SNAP output for PDB entry 8y82 [SNAP web server]

PDB-id

8y82; SNAP-derived features in text and JSON formats; DNAproDB

Class

structural protein-RNA-DNA

Method

cryo-EM (3.4 Å)

Summary

cryo-EM structure of the tetrameric sparsa grna-ssDNA-nad+ complex

Reference

Cui N, Zhang JT, Li Z, Wei XY, Wang J, Jia N (2024): "Tetramerization-dependent activation of the Sir2-associated short prokaryotic Argonaute immune system." Nat Commun, 15, 8610. doi: 10.1038/s41467-024-52910-5.

Abstract

Eukaryotic Argonaute proteins (eAgos) utilize short nucleic acid guides to target complementary sequences for RNA silencing, while prokaryotic Agos (pAgos) provide immunity against invading plasmids or bacteriophages.

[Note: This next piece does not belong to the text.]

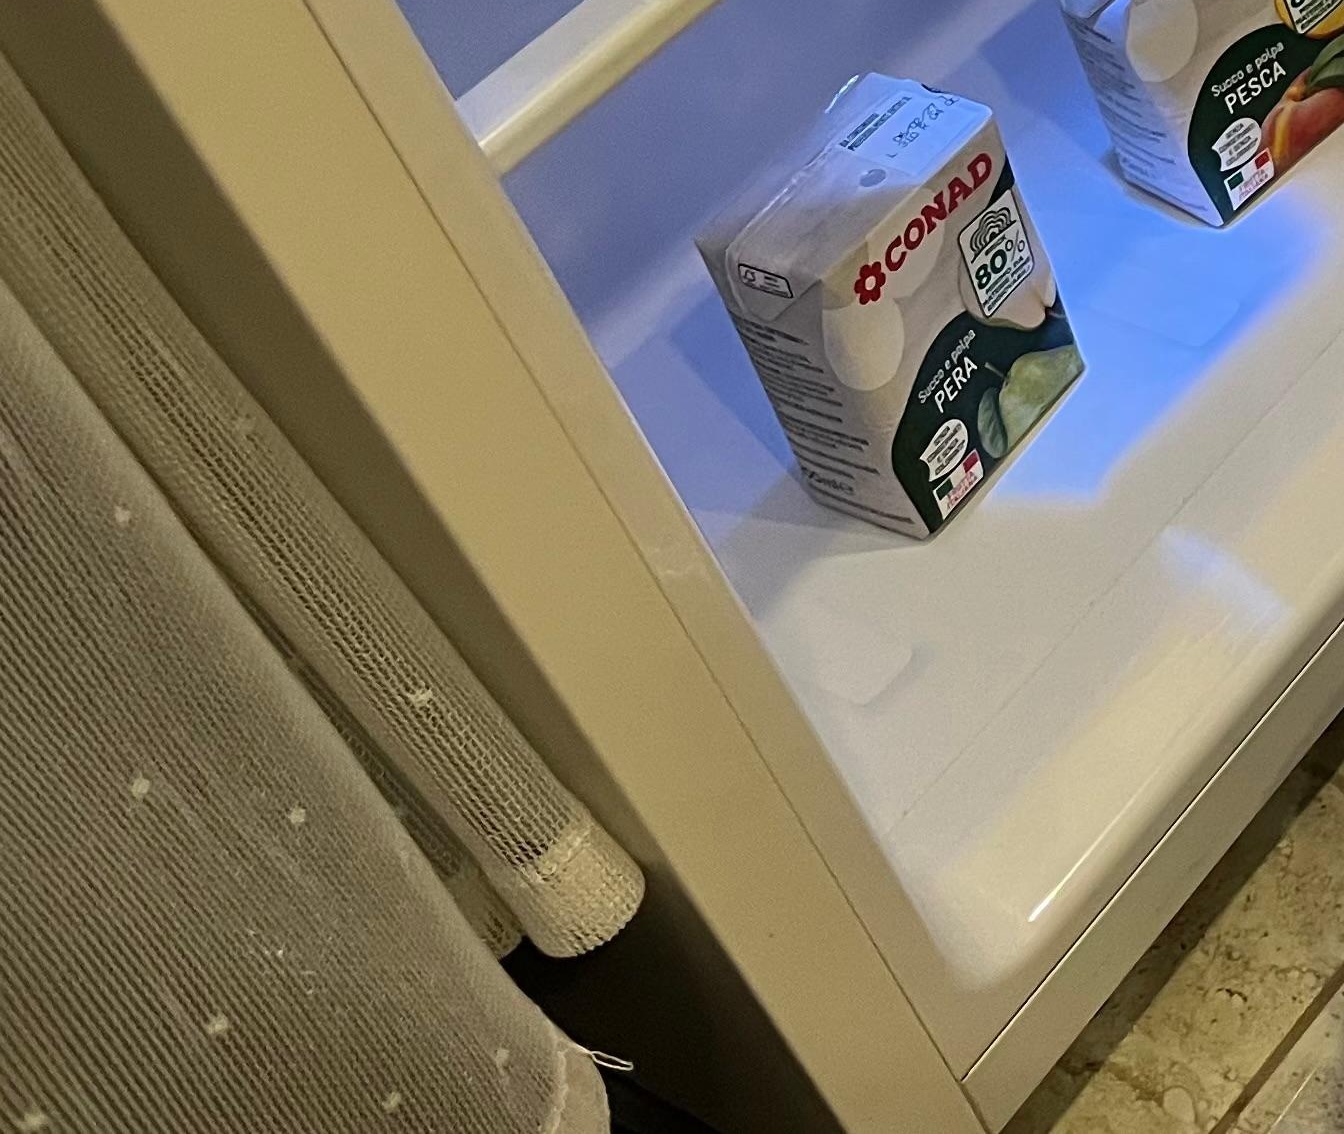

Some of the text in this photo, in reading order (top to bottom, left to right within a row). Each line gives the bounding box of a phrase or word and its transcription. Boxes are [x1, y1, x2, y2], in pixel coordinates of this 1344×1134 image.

The Sir2-domain associated short pAgo (SPARSA) immune system defends against invaders by depleting NAD₊ and triggering cell death. However, the molecular mechanism underlying SPARSA activation remains unknown. Here, we present cryo-EM structures of inactive monomeric, active tetrameric and active NAD₊-bound tetrameric SPARSA complexes, elucidating mechanisms underlying SPARSA assembly, guide RNA preference, target ssDNA-triggered SPARSA tetramerization, and tetrameric-dependent NADase activation. Short pAgos form heterodimers with Sir2-APAZ, favoring short guide RNA with a 5'-AU from ColE-like plasmids. RNA-guided recognition of the target ssDNA triggers SPARSA tetramerization via pAgo- and Sir2-mediated interactions. The resulting tetrameric Sir2 rearrangement aligns catalytic residue H186 for NAD₊ hydrolysis. These insights advance our understanding of Sir2-domain associated pAgos immune systems and should facilitate the development of a short pAgo-associated biotechnological toolbox.